PROMPT:
Could you reproduce every record below exactly as written?

PROVIDED DATA:
- - - -

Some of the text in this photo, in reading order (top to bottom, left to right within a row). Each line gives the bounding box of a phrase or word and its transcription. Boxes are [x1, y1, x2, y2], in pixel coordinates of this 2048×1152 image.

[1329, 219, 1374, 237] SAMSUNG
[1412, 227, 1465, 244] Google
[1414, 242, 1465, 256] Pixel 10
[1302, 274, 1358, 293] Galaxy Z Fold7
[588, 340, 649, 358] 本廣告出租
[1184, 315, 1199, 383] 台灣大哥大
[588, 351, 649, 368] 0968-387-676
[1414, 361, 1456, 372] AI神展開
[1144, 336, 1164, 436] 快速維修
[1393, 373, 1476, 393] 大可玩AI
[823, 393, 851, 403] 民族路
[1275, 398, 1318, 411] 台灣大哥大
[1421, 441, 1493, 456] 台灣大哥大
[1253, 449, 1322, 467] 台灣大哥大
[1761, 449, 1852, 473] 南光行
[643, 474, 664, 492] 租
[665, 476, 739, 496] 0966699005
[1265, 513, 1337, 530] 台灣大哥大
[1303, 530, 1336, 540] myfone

- - - -

WORKED SOLUTION:
Some of the text in this photo, in reading order (top to bottom, left to right within a row). Each line gives the bounding box of a phrase or word and its transcription. Boxes are [x1, y1, x2, y2], in pixel coordinates of this 2048×1152 image.

[1329, 219, 1374, 237] SAMSUNG
[1412, 227, 1465, 244] Google
[1414, 242, 1465, 256] Pixel 10
[1302, 274, 1358, 293] Galaxy Z Fold7
[588, 340, 649, 358] 本廣告出租
[1184, 315, 1199, 383] 台灣大哥大
[588, 351, 649, 368] 0968-387-676
[1414, 361, 1456, 372] AI神展開
[1144, 336, 1164, 436] 快速維修
[1393, 373, 1476, 393] 大可玩AI
[823, 393, 851, 403] 民族路
[1275, 398, 1318, 411] 台灣大哥大
[1421, 441, 1493, 456] 台灣大哥大
[1253, 449, 1322, 467] 台灣大哥大
[1761, 449, 1852, 473] 南光行
[643, 474, 664, 492] 租
[665, 476, 739, 496] 0966699005
[1265, 513, 1337, 530] 台灣大哥大
[1303, 530, 1336, 540] myfone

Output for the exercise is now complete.